>>>

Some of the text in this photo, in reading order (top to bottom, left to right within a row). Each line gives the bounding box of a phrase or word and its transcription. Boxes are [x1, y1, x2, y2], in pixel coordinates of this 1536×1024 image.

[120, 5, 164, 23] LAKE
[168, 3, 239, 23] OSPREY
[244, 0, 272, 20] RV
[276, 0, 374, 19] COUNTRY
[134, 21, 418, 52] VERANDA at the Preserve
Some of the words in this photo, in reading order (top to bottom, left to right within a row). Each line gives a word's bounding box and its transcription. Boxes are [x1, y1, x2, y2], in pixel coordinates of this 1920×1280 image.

<<<
>>>

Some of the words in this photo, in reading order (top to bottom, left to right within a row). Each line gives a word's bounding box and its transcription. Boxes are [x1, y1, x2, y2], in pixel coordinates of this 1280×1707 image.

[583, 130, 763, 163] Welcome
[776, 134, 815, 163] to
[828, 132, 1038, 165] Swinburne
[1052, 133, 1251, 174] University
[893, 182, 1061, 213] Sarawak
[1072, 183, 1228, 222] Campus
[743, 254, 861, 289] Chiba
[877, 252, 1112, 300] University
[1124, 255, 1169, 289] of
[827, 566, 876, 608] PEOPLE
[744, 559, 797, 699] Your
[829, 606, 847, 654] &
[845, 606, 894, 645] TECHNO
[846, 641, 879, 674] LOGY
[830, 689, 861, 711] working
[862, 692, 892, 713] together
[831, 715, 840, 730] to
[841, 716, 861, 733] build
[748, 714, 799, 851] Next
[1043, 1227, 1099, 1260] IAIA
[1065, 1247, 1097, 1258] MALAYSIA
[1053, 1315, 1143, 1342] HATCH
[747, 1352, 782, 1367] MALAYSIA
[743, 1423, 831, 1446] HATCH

<<<
>>>

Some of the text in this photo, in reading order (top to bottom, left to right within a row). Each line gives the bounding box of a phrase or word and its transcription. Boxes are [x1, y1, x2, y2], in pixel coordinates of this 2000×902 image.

<<<

*Problem to solve*. Set down only the lines above that fall between the line holding "this 1536×1024 image." and the line holding "this 1920×1280 image.", inclusive, keeping each exact.

*Response below*.
Some of the text in this photo, in reading order (top to bottom, left to right within a row). Each line gives the bounding box of a phrase or word and its transcription. Boxes are [x1, y1, x2, y2], in pixel coordinates of this 1536×1024 image.

[120, 5, 164, 23] LAKE
[168, 3, 239, 23] OSPREY
[244, 0, 272, 20] RV
[276, 0, 374, 19] COUNTRY
[134, 21, 418, 52] VERANDA at the Preserve
Some of the words in this photo, in reading order (top to bottom, left to right within a row). Each line gives a word's bounding box and its transcription. Boxes are [x1, y1, x2, y2], in pixel coordinates of this 1920×1280 image.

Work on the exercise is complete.